First off I think it’s important to say that everyone is going to have nights where they have a bad night’s sleep, and that’s completely natural. Evolutionarily we are designed to maintain
alert in periods of stress. However, if this goes on night after night then it really starts to degrade our well being, so it’s important to know how to get things back on track.
The two primary regulators of our sleep are what’s called our homeostatic sleep drive and our circadian rhythm. Circadian rhythm is key here because this tells our body what to do and trains our rhythms. So when that rhythm is off things don’t seem to work as well for us. So when people are having sleep problems I always suggest that they set their wake up time to be consistent seven days a week. This may sound hard as many of us love sleeping in on the weekends, but if you normally wake up at six, and then you wake up at eight, that’s like your body being in two different time zones.

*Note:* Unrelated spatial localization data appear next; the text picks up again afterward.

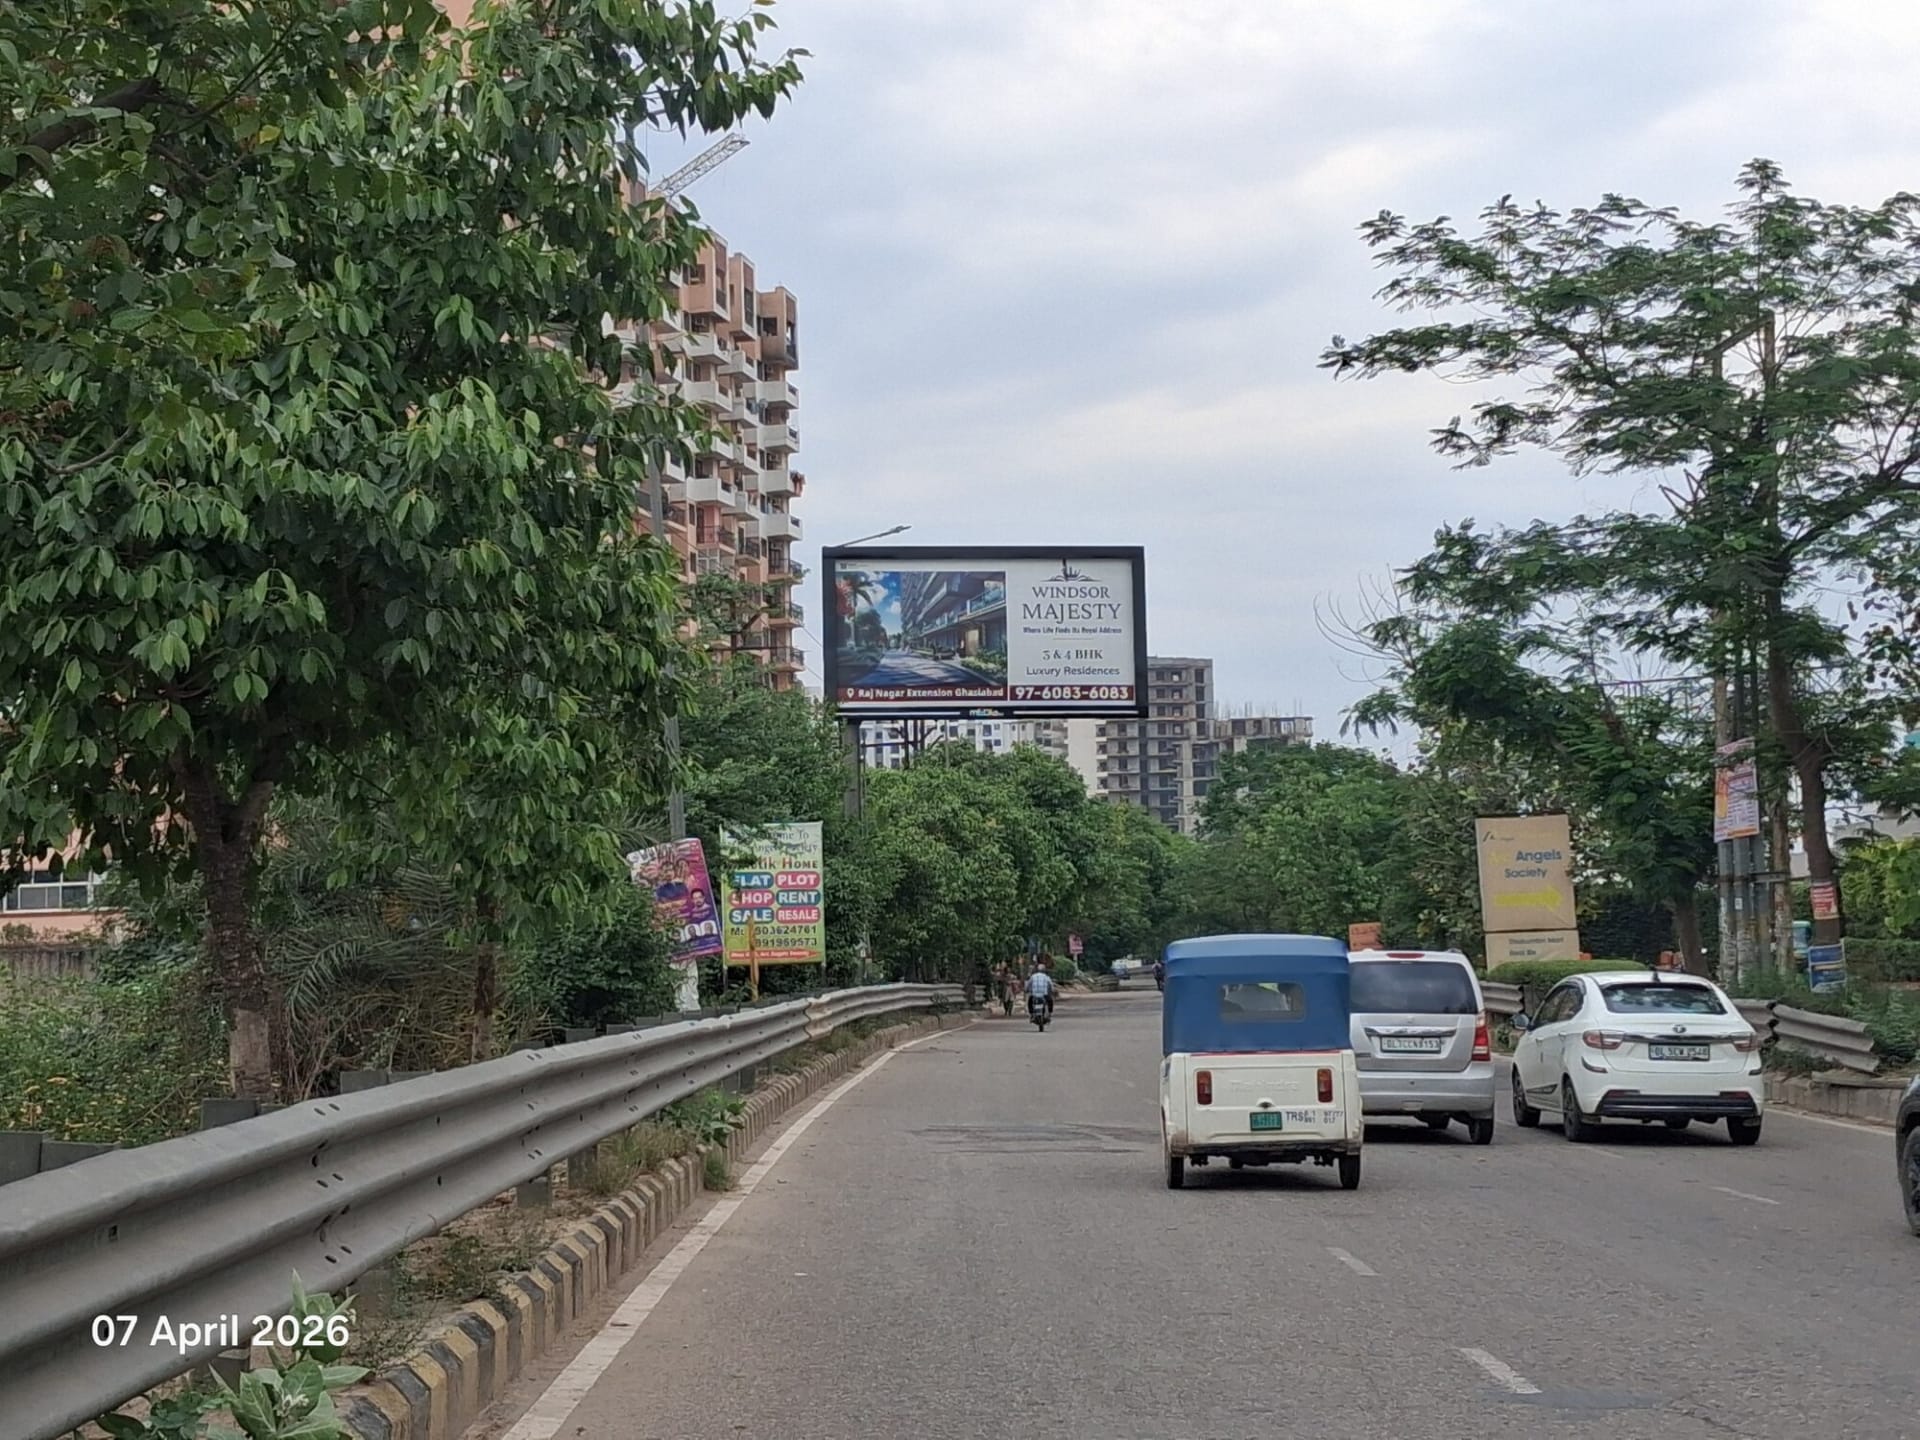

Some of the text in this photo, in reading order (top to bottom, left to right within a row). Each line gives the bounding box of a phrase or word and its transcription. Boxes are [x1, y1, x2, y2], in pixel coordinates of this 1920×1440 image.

[1032, 586, 1111, 599] WINDSOR
[1022, 603, 1122, 624] MAJESTY
[1075, 649, 1103, 660] BHK
[1026, 666, 1120, 677] Luxury Residences
[858, 687, 1004, 700] Raj Nagar Extension Ghaziabad
[1015, 686, 1129, 699] 97-6083-6083
[1516, 850, 1562, 863] Angels
[777, 873, 818, 886] PLOT
[1504, 867, 1547, 879] Society
[731, 891, 818, 905] SHOP RENT
[732, 909, 818, 923] SALE RESALE
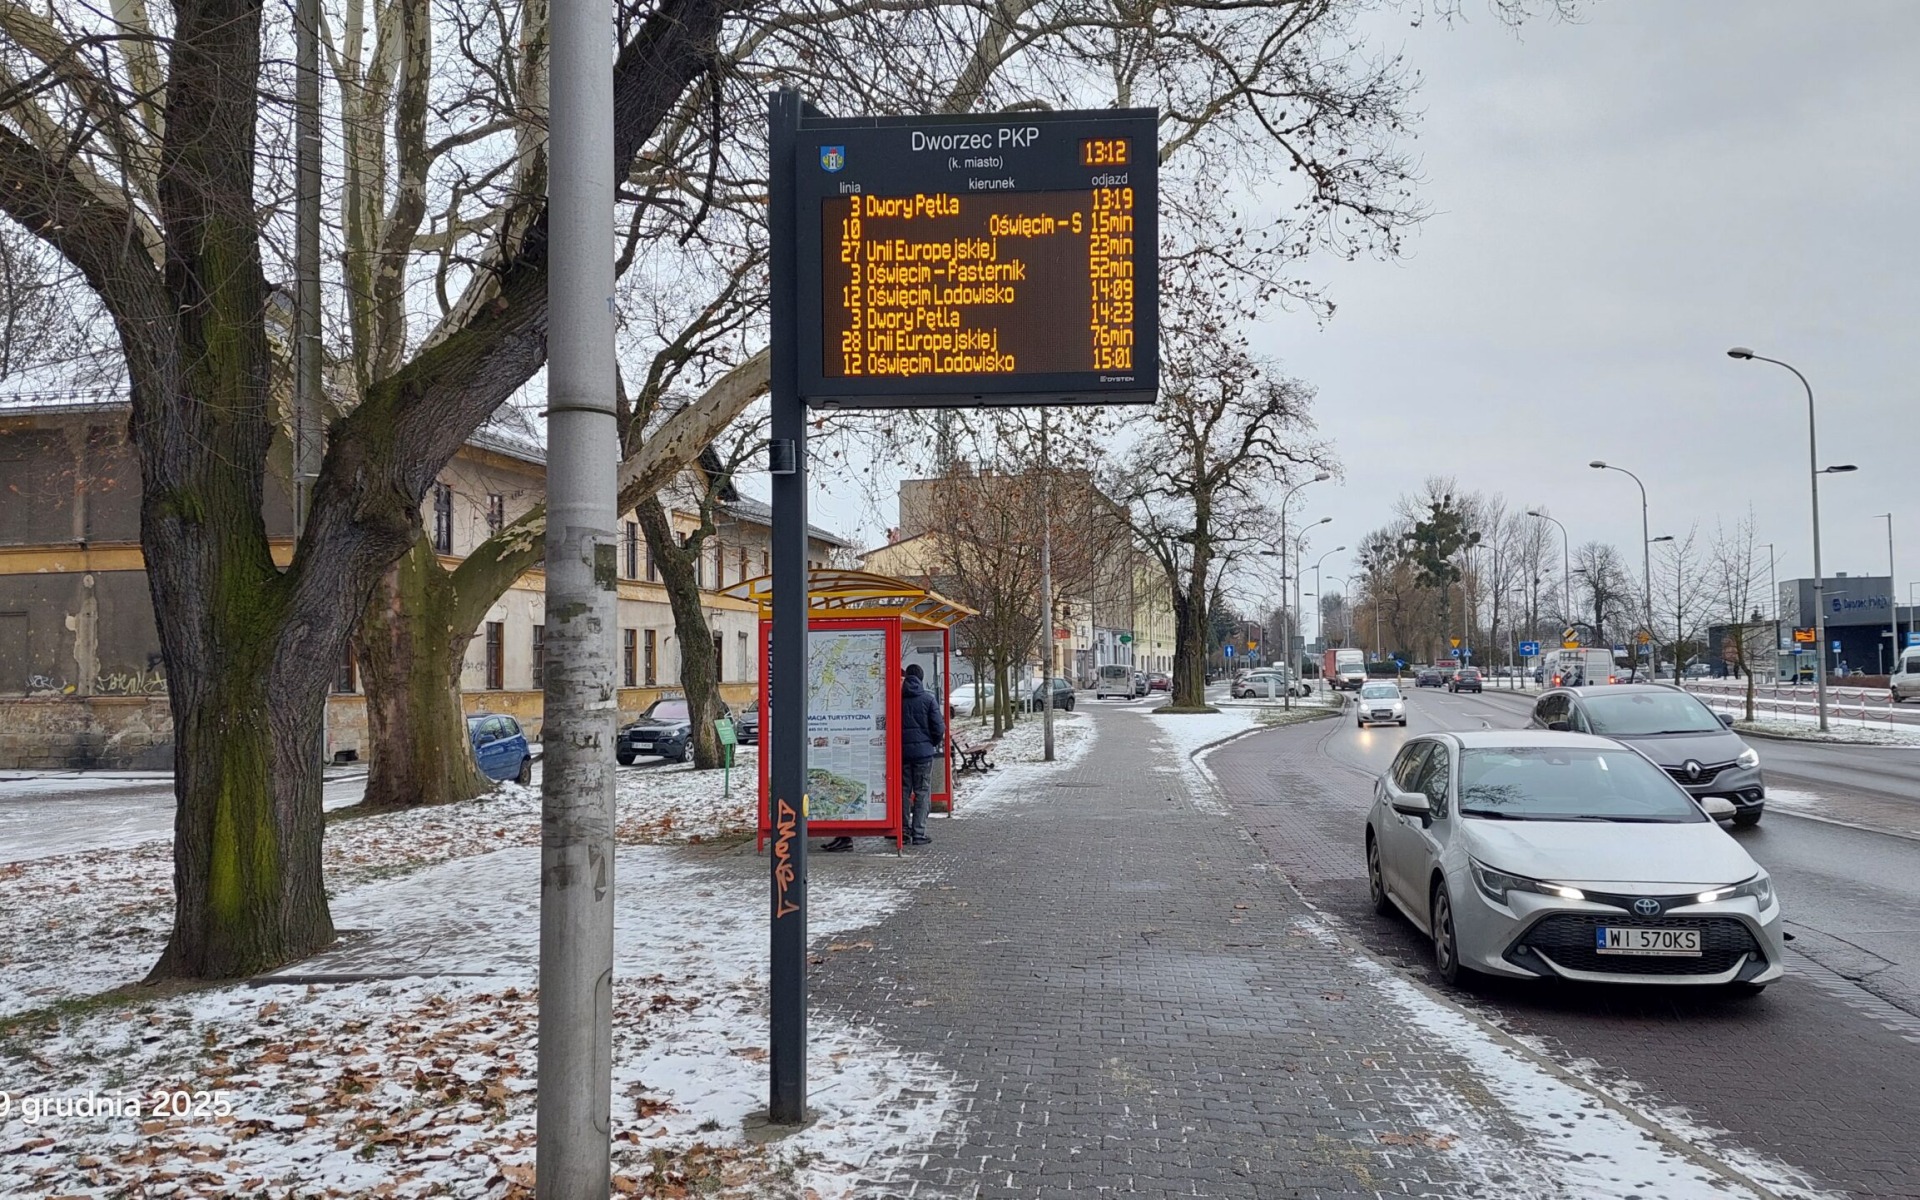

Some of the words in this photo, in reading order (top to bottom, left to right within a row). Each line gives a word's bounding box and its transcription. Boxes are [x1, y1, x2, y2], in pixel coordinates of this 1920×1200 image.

[912, 131, 993, 151] Dworzec
[998, 127, 1040, 148] PKP
[1086, 140, 1126, 163] 13:12
[948, 157, 961, 171] (k.
[964, 155, 1003, 169] miasto)
[839, 180, 861, 193] linia
[968, 176, 1015, 189] kierunek
[1091, 172, 1128, 188] odjazd
[850, 195, 860, 217] 3
[866, 195, 912, 219] Dwory
[916, 193, 960, 218] Pętla
[1093, 188, 1133, 210] 13:19
[843, 218, 861, 240] 10
[989, 214, 1055, 236] Oświęcim
[1072, 212, 1082, 234] S
[1091, 211, 1133, 232] 15min
[842, 240, 860, 262] 27
[866, 240, 892, 262] Unii
[895, 238, 997, 263] Europejskiej
[1090, 234, 1133, 256] 23min
[851, 263, 861, 284] 3
[866, 262, 930, 288] Oświęcim
[948, 259, 1026, 282] Pasternik
[1090, 256, 1133, 278] 52min
[843, 286, 861, 307] 12
[867, 285, 930, 308] Oświęcim
[934, 282, 1014, 306] Lodowisko
[1092, 279, 1133, 301] 14:09
[852, 308, 861, 330] 3
[867, 308, 914, 331] Dwory
[916, 306, 960, 330] Pętla
[1092, 302, 1133, 323] 14:23
[842, 331, 861, 352] 28
[867, 330, 893, 352] Unii
[896, 328, 998, 354] Europejskiej
[1090, 324, 1133, 346] 76min
[844, 354, 862, 374] 12
[867, 352, 931, 377] Oświęcim
[934, 351, 1014, 374] Lodowisko
[1094, 346, 1132, 369] 15:01
[1610, 930, 1630, 947] WI
[1640, 932, 1696, 949] 570KS
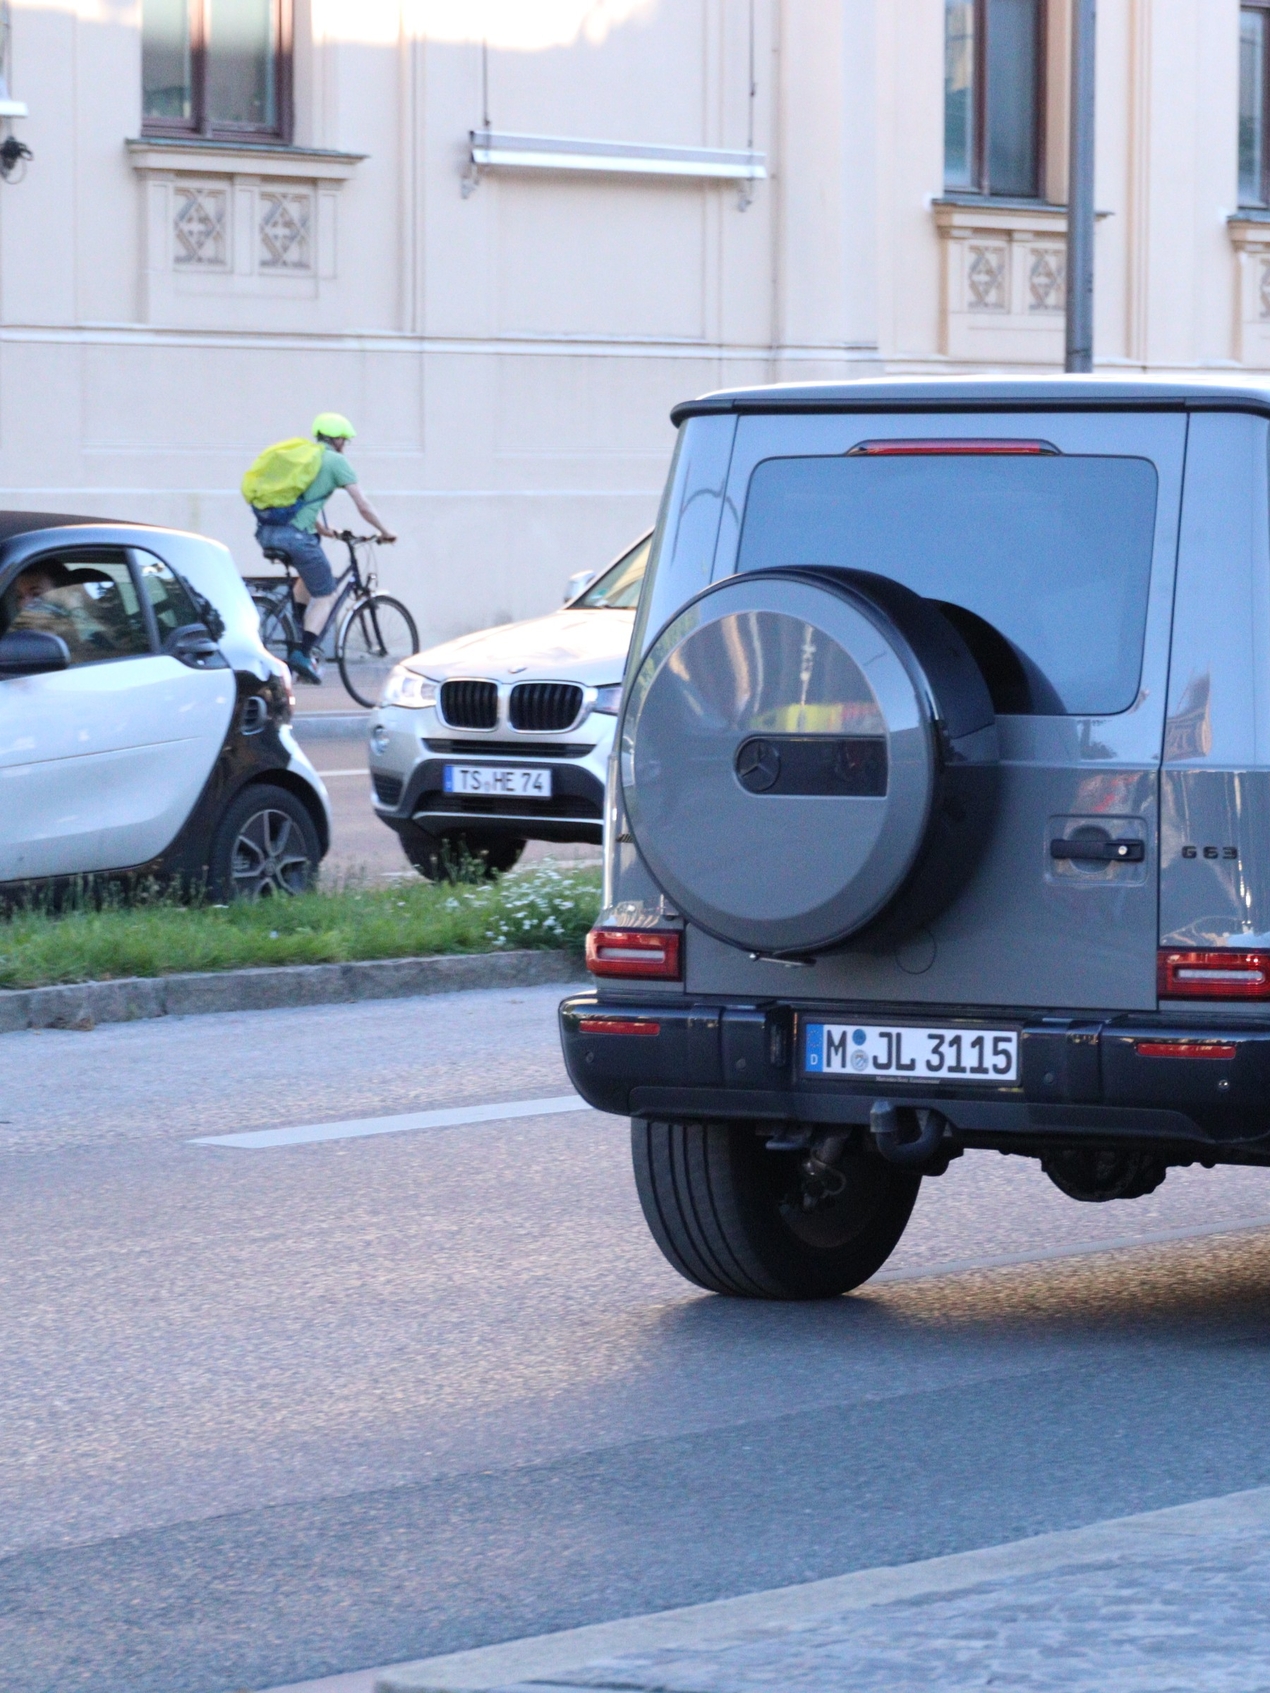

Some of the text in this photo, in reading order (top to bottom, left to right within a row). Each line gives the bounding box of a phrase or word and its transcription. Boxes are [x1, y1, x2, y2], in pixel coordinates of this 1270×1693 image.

The other thing that’s really critical is spending time in bed, not sleeping. This is something that people get into a habit with, and it’s fine if you don’t have a sleep problem. If you have a sleep problem, however, you don’t want to get in bed until you’re sleepy as we don’t want you in bed awake, degrading this relationship with your bed.
The third thing that I think everyone can do is protecting your wind-down period. People often think I’ll just get the work done tonight and spread it out. That’s a problem, where it’s so often the case that sleep is the thing that people do when everything else is done, but they don’t appreciate the importance of this wind-down period. Work is done, close the laptop, turn off the phone, and allow yourself to transition. People often do this far too late in the evening where they think I’ll turn this off and go straight to sleep. We’re not computers, you can’t just shut the laptop of your brain in the same way. Around two hours before you want to try to go to bed just do things that bring you joy and relaxation. Doing so will reap the benefits of improved productivity, cognition, sharpness and your ability to multitask.
Dr Aric Prather is a Professor of Psychiatry and Behavioral Sciences at the University of California, San Francisco and author of “The Sleep Prescription”. He conducts research around stress, sleep, how the two are related to each other, and the impacts on our body, our immune system and our ability to cope with stress when we don’t get enough sleep.